Activity Is Not a Proxy for Progress
This is a pattern I see constantly. Organizations track activity as a proxy for progress. But activity metrics measure motion, not necessarily momentum. If we're not tracking our qualification journey, how effectively our meeting requests convert into meetings, or the efficacy of our solicitations, we can't diagnose what's stalling revenue.
I remember sitting with this team's leadership, looking at a dashboard full of green indicators, and saying: "Everything here says your team is performing. But your revenue tells a different story. Something in between is broken, and the only way to find it is to measure the steps between activity and outcome."
Diagnosing What's Actually Stalling Revenue
The fix was structural. We set metrics around the full fundraising lifecycle: tracking how donors moved from qualification to either disqualification or cultivation, measuring the "hit rate" on meeting requests to understand whether outreach was actually landing, and tracking solicitation efficacy to determine whether we were asking the right people for the right amounts at the right time.
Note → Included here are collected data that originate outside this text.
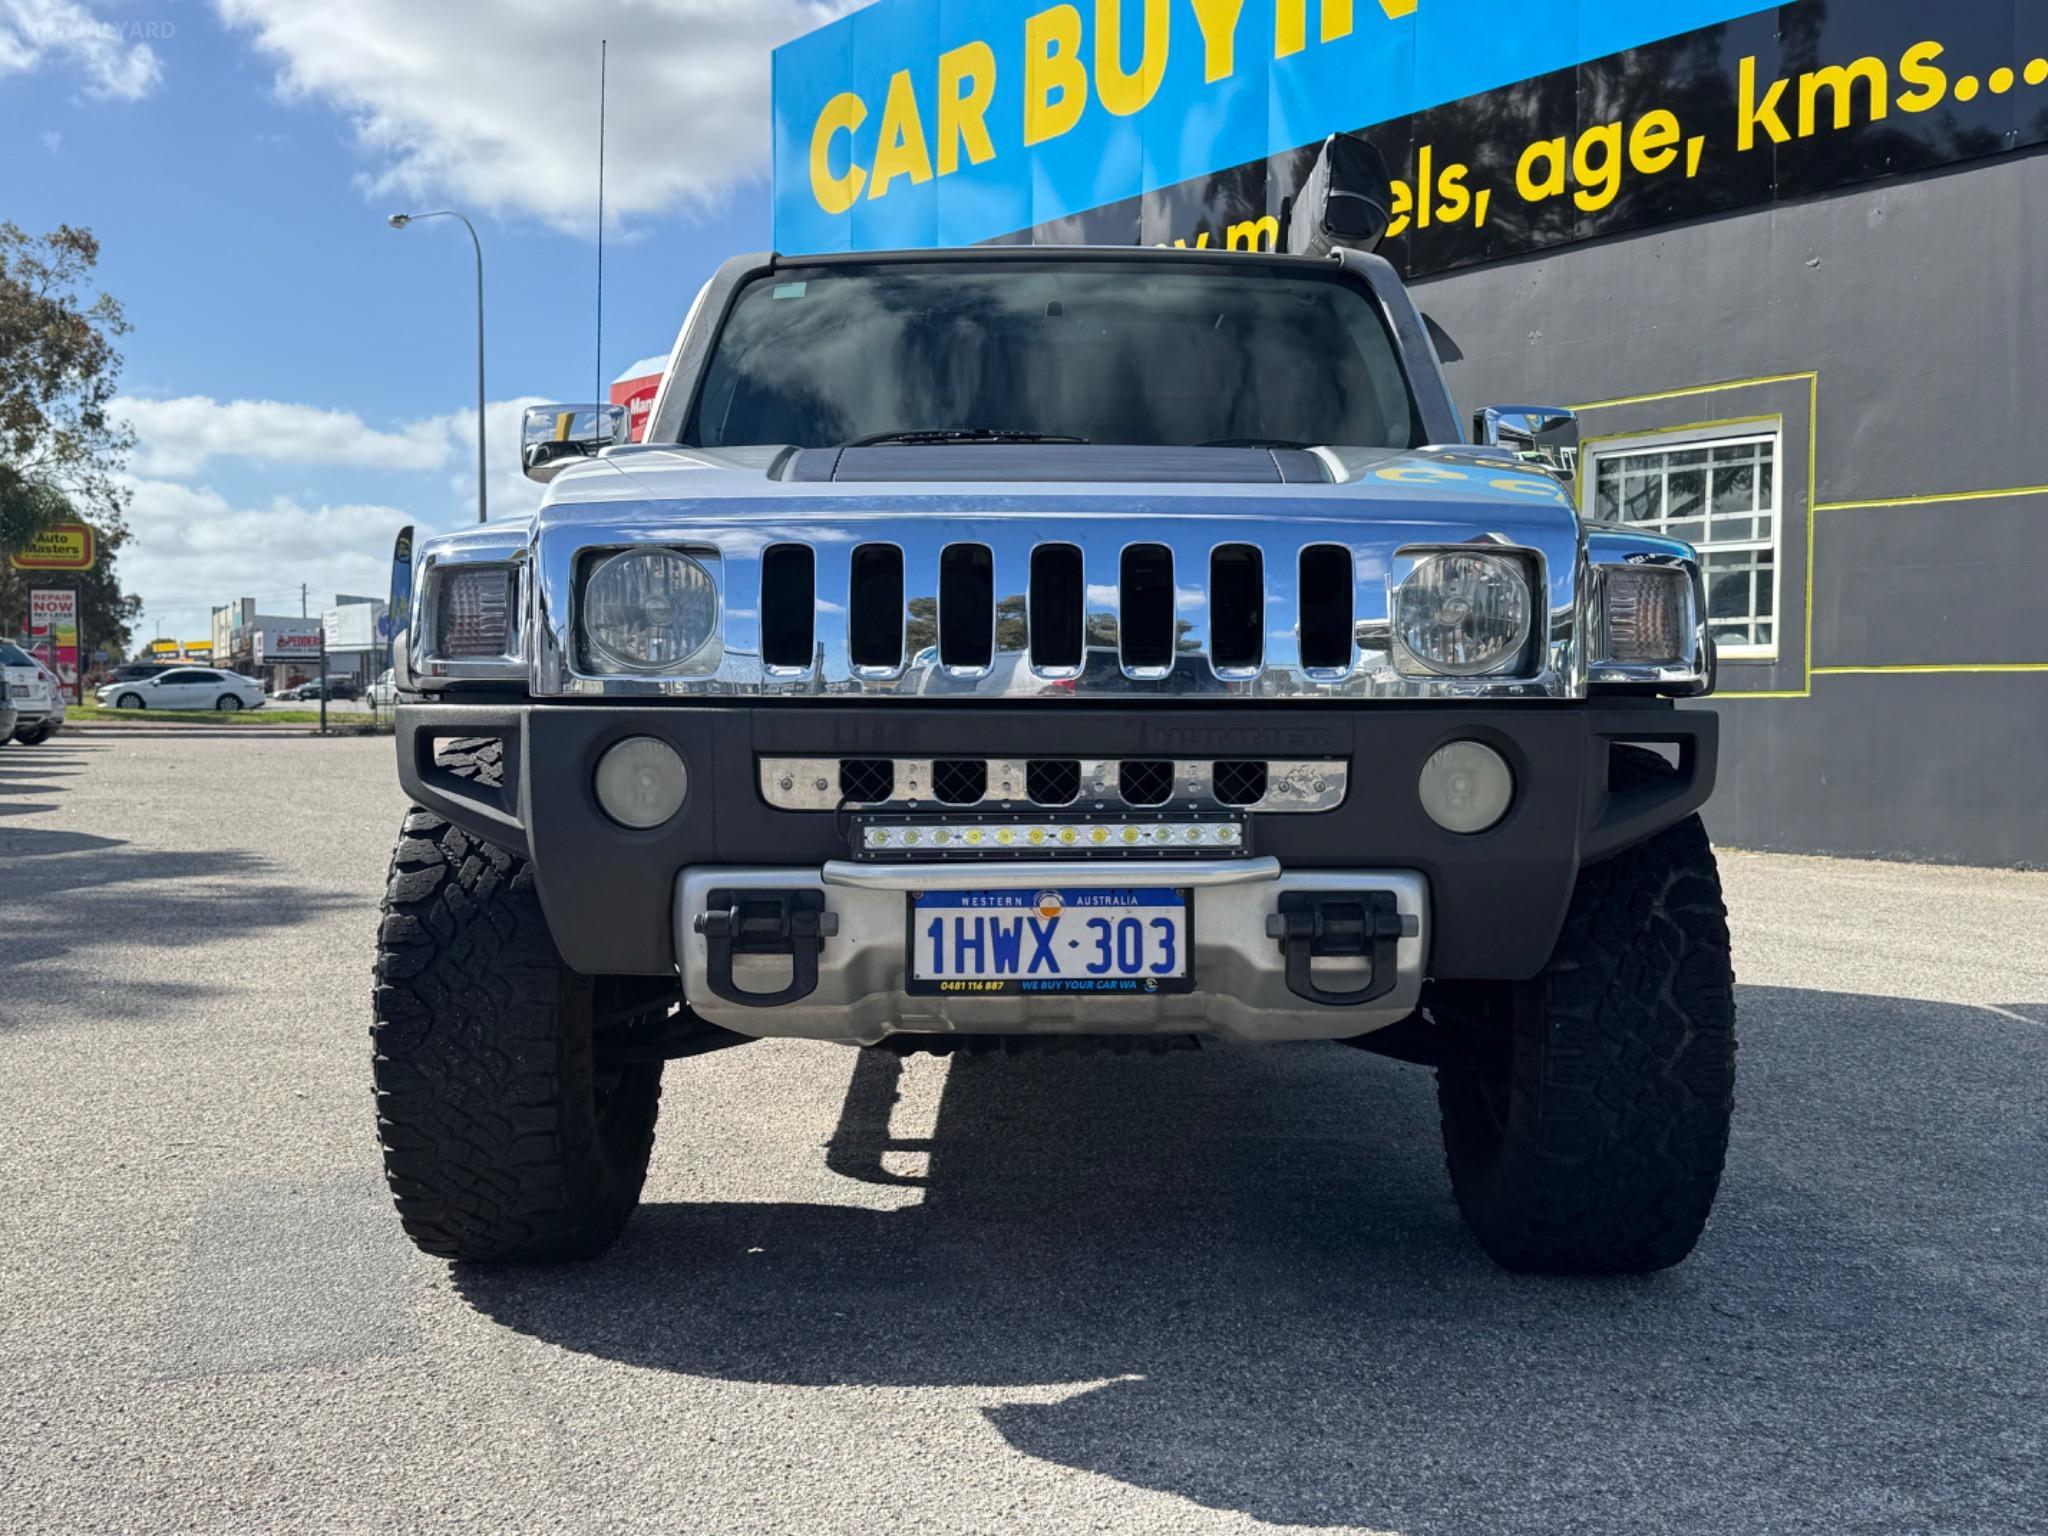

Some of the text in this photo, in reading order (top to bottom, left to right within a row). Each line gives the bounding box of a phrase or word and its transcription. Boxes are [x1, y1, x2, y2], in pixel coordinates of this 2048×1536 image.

[810, 0, 1418, 214] CAR BUY
[1515, 108, 1707, 212] age,
[1737, 40, 2048, 152] kms...
[36, 533, 69, 543] Auto
[24, 544, 80, 554] Masters
[33, 602, 73, 611] NOW
[287, 635, 320, 648] PEDDER
[1152, 727, 1332, 746] HUMMER
[961, 896, 1139, 906] WESTERN AUSTRALIA
[940, 981, 1004, 991] 0481 116 887
[1022, 981, 1137, 990] WE BUY YOUR CAR WA
The result was that challenges became quickly diagnosable. Some officers were requesting lots of meetings but not getting them, so we provided coaching and training on how to make more compelling meeting asks. Some fundraisers were getting plenty of meetings but not moving donors toward solicitation, so we focused on cultivation strategy and readiness assessment. Others had high solicitation volume but relatively low close rates, meaning the asks themselves weren't landing, which required a different kind of coaching entirely.
When you can accurately diagnose the issue, you can effectively address it, coach to it, and grow revenue.
If your team is busy but your revenue has plateaued, don't start with a pep talk. Start with the data. Look at portfolio composition, solicitation frequency, and pipeline stage distribution. The answer is almost always in there.
Working through something like this with your team? Let's talk. (opens in new tab)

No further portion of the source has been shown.